A technique for assessing on a daily basis the level of seismic risk prevailing in a given area of a deep-level mine has been developed. The technique relies on having an adequate history of seismicity recorded from the area, to allow for the accurate determination of the behaviour of a number of seismic risk parameters in relation to the occurrence of potentially damaging seismic events. The usefulness of the technique has been investigated at two sites on deep-level South African gold mines, with positive results.
Une technique pour valuer journellement Ie niveau dominant de risque sismique dans une region ou une mine ô niveau profond à ete developper. La technique depends essentiellement sur Ie fait qu'il y ai eu prealablement des rapports adequats d'enregistrement sismique dans la region pour permettre de determiner Ie comportement du nombre de risque sismique en relation à l'existence du potentiel qui pourrai endomager les evennements sismique. L'utilite de la technique à ete examiner dans deux chantiers de mines d'or à niveau profond en Afrique du Sud, avec des resultats positifs.
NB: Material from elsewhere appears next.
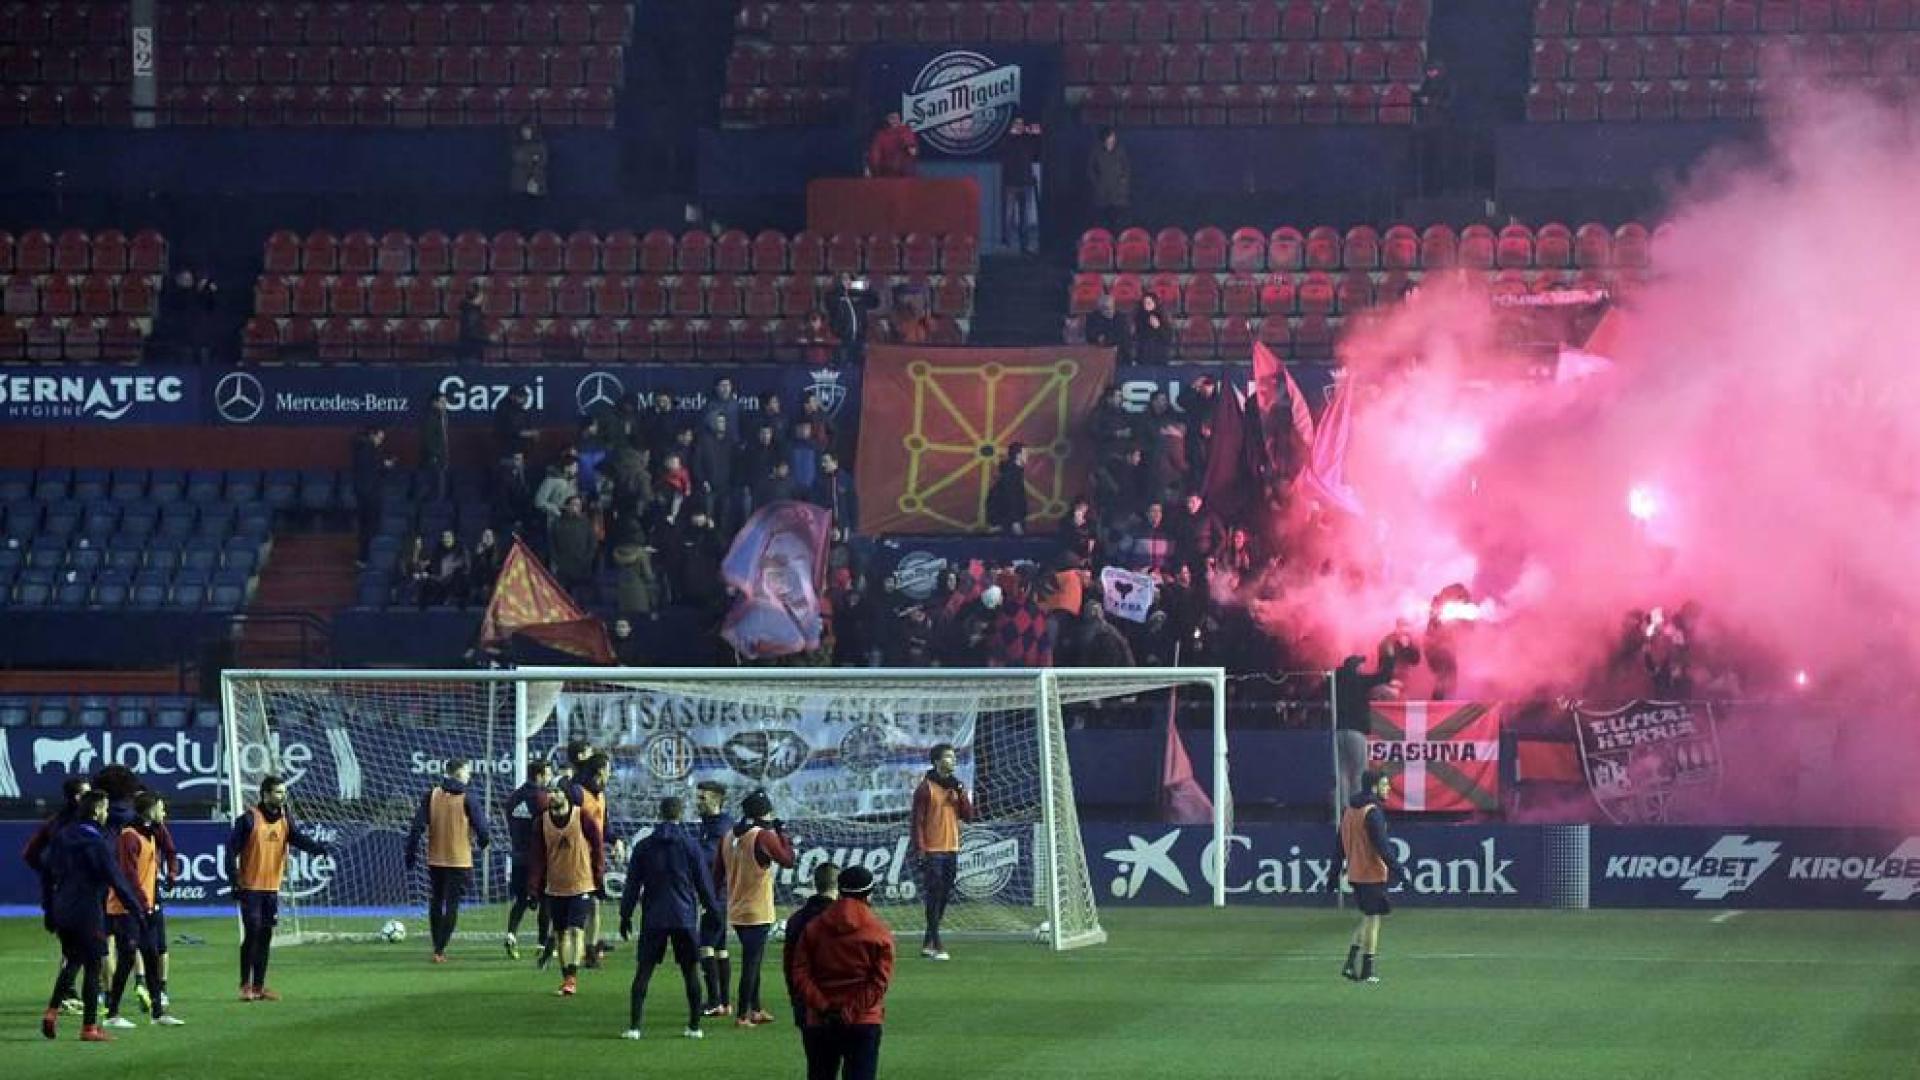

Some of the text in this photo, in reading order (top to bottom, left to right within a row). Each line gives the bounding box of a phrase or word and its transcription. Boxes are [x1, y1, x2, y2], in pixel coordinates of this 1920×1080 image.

[908, 96, 948, 126] San
[946, 72, 1016, 112] Miguel
[276, 392, 409, 412] Mercedes-Benz
[1606, 856, 1759, 878] KIROLBET
Ein Verfahren, um das seismische Risiko in einem gewissen Gebiet einer tiefen Mine zu bestimmen, ist entwickelt worden. Die Voraussetzung der Methode ist, daß man eine ausreichende Aufzeichnung der seismischen Vorkommnisse des Gebietes hat, um die genaue Bestimmung des Verhaltens einiger Parameter, die das seismische Risiko in Relation zu potentiell schadigenden seismischen vorkommnissen reflektieren, zu ermöglichen. Die Nuetzlichkeit dieses Verfahrens ist anhand von Daten aus zweier Gebiete in tiefen Goldminen in Suedafrika untersucht worden, mit positiven Resultaten.
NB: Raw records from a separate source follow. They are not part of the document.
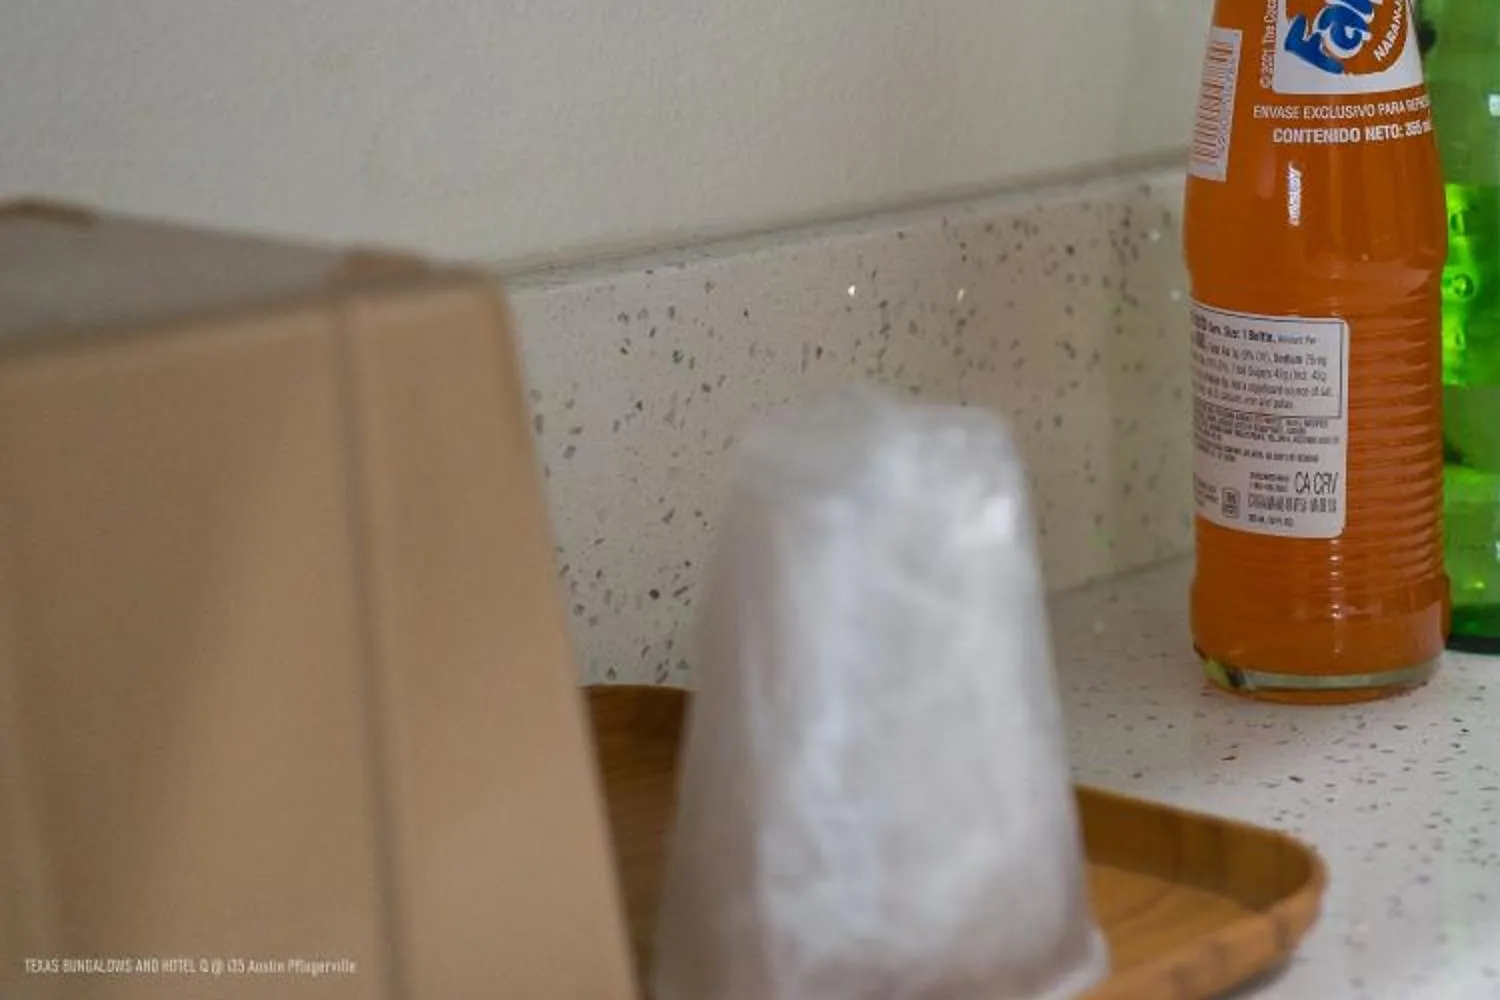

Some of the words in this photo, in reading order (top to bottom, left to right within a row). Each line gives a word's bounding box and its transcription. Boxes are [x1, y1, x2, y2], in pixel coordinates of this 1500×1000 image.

[1262, 26, 1275, 44] The
[1253, 104, 1300, 119] ENVASE
[1304, 103, 1375, 119] EXCLUSIVO
[1378, 100, 1405, 117] PARA
[1273, 126, 1361, 143] CONTENIDO
[1365, 123, 1404, 141] NETO:
[1295, 471, 1310, 494] CA
[1313, 471, 1339, 495] CRV
Most gold mining in the Witwatersrand, South Africa involves the extraction of thin, tabular, shallowly dipping ore bodies at considerable depth (in excess of 2000 m below surface). The rock mass response to the high stresses induced by mining under such conditions can take the form of rock bursts, which continue to be a serious problem on deep-level South African gold mines, causing death or injury to underground workers and damage to underground excavations. While well-designed mine layouts and suitable support measures can be effective in combating the rockburst problem, there are areas in which more direct measures are required. The CSIR Division of Mining Technology is conducting research towards the development of a proactive rockburst control technique called preconditioning, in which explosive charges are detonated ahead of an advancing stope face, so as to transfer the high stresses away from the working areas (Lightfoot et al, 1996). A seismic risk assessment method has been developed under the auspices of the preconditioning project, to investigate the feasibility of determining periods of increased seismic risk accurately, so that the practice of preconditioning can perhaps be tied in to such periods. Earlier stages of development of the method have been described by Stewart and Spottiswoode (1993) and by Stewart (1995).
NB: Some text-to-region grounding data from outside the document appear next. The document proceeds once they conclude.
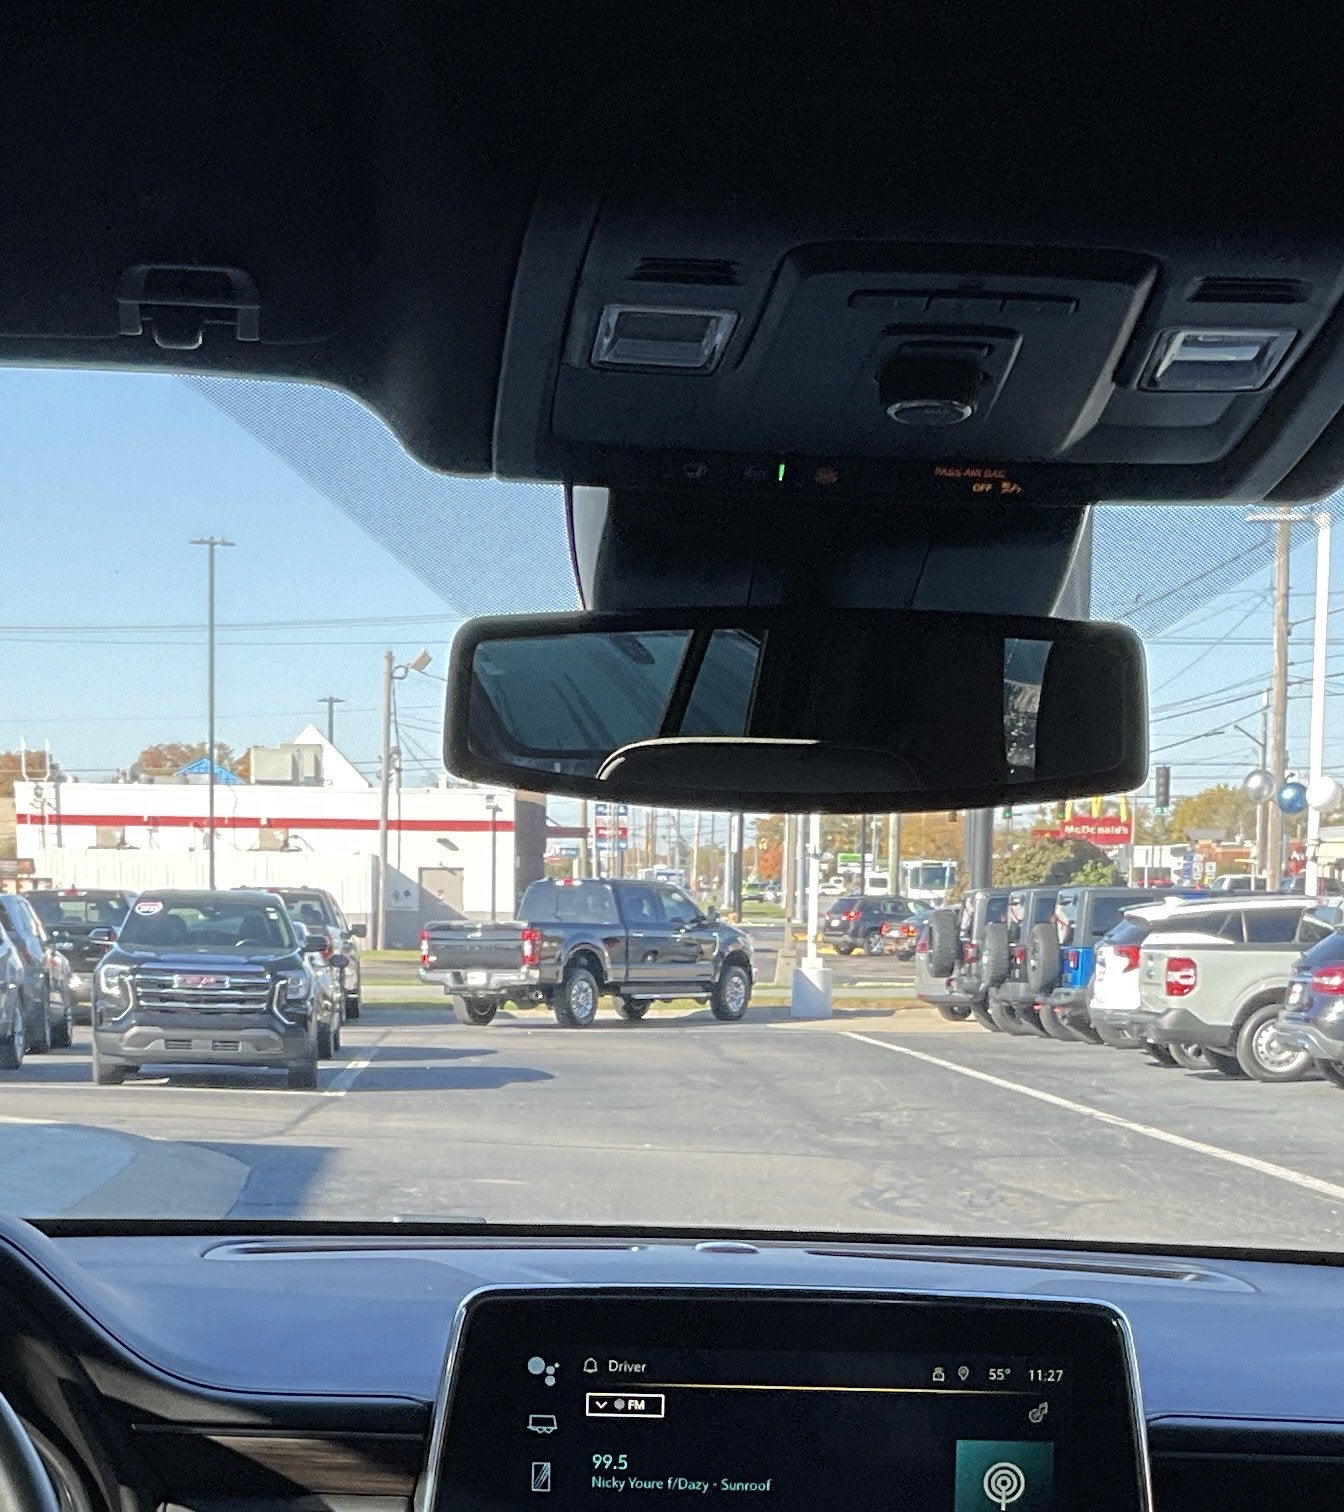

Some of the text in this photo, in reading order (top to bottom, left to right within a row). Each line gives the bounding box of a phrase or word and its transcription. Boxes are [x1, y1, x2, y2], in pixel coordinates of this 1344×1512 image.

[608, 1359, 647, 1373] Driver
[1028, 1369, 1064, 1382] 11:27
[627, 1399, 646, 1411] FM
[592, 1453, 628, 1470] 99.5
[591, 1475, 626, 1492] Nicky
[628, 1476, 664, 1490] Youre
[667, 1476, 709, 1494] f/Dazy
[720, 1478, 773, 1491] Sunroof
The seismic risk assessment method has been developed from and tested on the seismic data recorded from preconditioning sites on two deep level South African gold mines, which will be referred to hereafter as Mine A and Mine B. 2.1 Preconditioning sites The preconditioning experiment on Mine A is being conducted at a site where a strike-oriented pillar is being extracted (Figure 1). The seismicity from the site is being monitored via a Portable Seismic System (PSS), which has been described by Pattrick et al (1990). The deployment of the geophones around the site is shown in Figure 1. The preconditioning at this site is performed by means of long, large diameter holes (up to 20 m long and typically 89 mm in diameter) drilled parallel to and about five metres ahead of the advancing stope face. The explosive charge is detonated separately from the normal production blasts which are used to advance the face.